69 GTV go over: creature comforts coming together

If you’ve been following this thread you know I have the dash out of the GTV and an aim to make the car somewhat pleasurable to drive in the coming cold months. In this spirit I decided to remove the heater unit and clean it up. The wires to the fan motor were disconnected so I had a fear that, like the wiper motor, a PO discovered the motor was frozen with rust and simply unplugged it.

Removing the heater is easy enough, it is held by 4 8mm nuts that thread onto studs under the dash bulkhead that also act as grounding points for the dash and heater circuits. Once these nuts are removed you have to disconnect the heater hoses and either disconnect it from or bring it out together with the heater control sliders and cables.

IMG_9829You can see here that I decided to bring the control cables out with the heater unit.

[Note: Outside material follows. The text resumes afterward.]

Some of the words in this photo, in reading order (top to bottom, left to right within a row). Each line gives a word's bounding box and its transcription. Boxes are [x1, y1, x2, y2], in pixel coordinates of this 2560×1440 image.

You can also see that the foam gasket that seals the heater intake against the bulkhead is pretty rotten. I’ll replace this with some weatherstripping meant for camper shell to truck bed edge sealing. Also note the cosy nest in here.

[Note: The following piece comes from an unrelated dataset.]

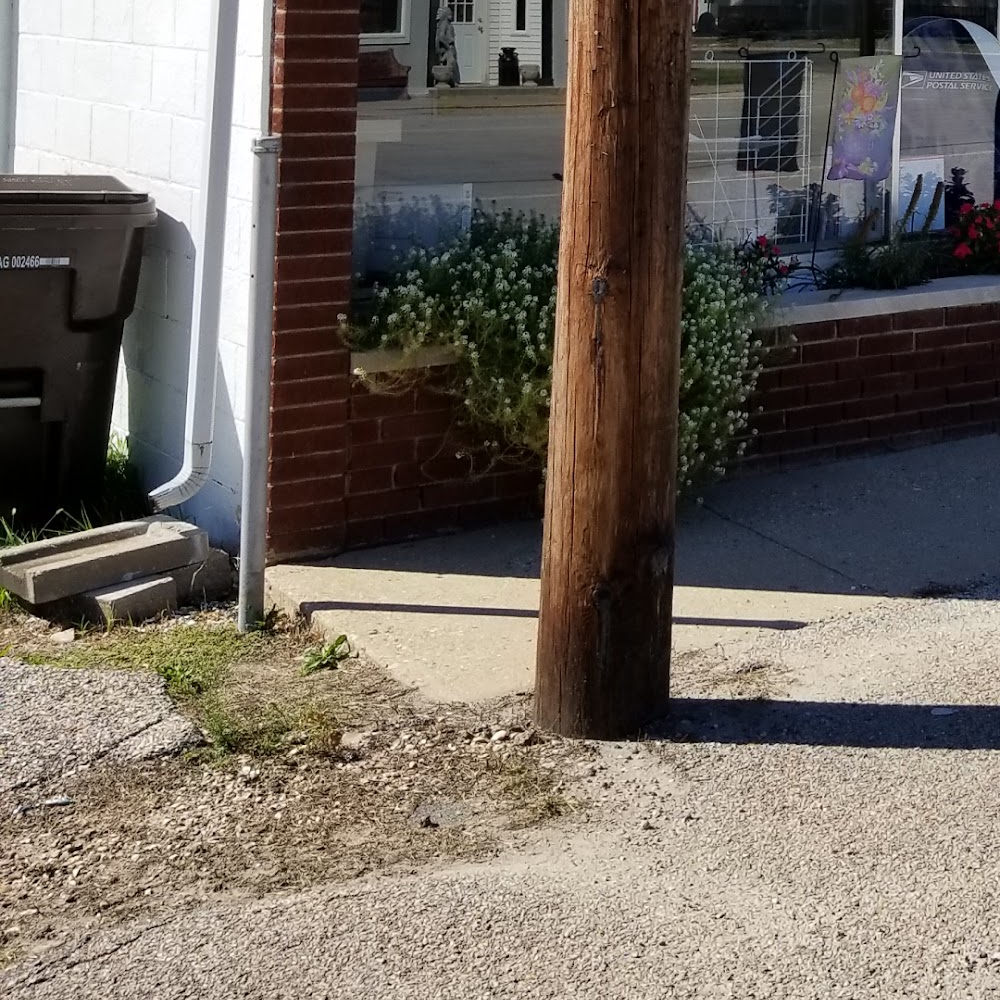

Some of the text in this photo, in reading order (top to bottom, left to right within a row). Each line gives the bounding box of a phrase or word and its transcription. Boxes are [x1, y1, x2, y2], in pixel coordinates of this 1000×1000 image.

[928, 71, 991, 82] UNITED STATES
[926, 81, 993, 92] POSTAL SERVICE
[11, 255, 40, 268] 002466

IMG_9830For reference so I can get the heater control back together. When you slide the lever from the blue area to the red area it pulls on the lever seen here which simultaneously opens the heater valve so hot water/coolant flows through the core and moves an air diverter so that air coming in is directed through the heater core. The more toward the red you go, the more hot water is directed through the core and the more air is diverted across the core. At maximum red the valve is wide open and incoming air can only go through the core.

IMG_9833The first test was to try and blow through the valve which, since I couldn’t blow through it in any position, told me the valve needed work. Inside it was full of white chunky deposits, some kind of leached aluminum oxide or other mineral and the diaphragm was swollen and torn so that it couldn’t lift off the inlet port (seen here as the port in the middle of the half on the right) and when pressurized it would leak. I need a new diaphragm or the whole valve.

IMG_9834Another view of the diaphragm. I bet this was commonly available and cheap at some point, but now you have to buy the whole valve assembly to fix any problems.

IMG_9832The heater assembly is built up like a traditional Bento box. The top cover, held on to the second cover by 5 spring clips, houses the air diverter and acts as one side of the two pieces that house the heater core, seen here all pooey and clogged from years of rodent fun. A quick blast with one of my favorite tools, the pressure washer got rid of all the funk and sprayed into th inlet shot a bunch of crud out the outlet. I am assuming the core does not need to be sealed since it is in pretty good shape.

IMG_9838Another view of the heater top cover, this one with the foam gasket removed. I’m going to blast and paint this metal piece before I put this back together to discourage rust.

IMG_9839This piece that looks like part of a squeegee helps seal the chamber forcing all the incoming air across the heater core. If I can’t find a squeegee of the right size I’ll fold a piece of electrical tape over this edge to help make the seal.

IMG_9836The middle and bottom of the Bento box are seen here, held together by 4 screws. The bottom houses the fan and motor and has outlets that blow hot air on your cold toes or, if the other control cable is slid toward defrost, the diverters seen here on the right direct the air up through the defroster ducts. These are a pain to put back together if you didn’t take a picture like this one to remind you how they go in.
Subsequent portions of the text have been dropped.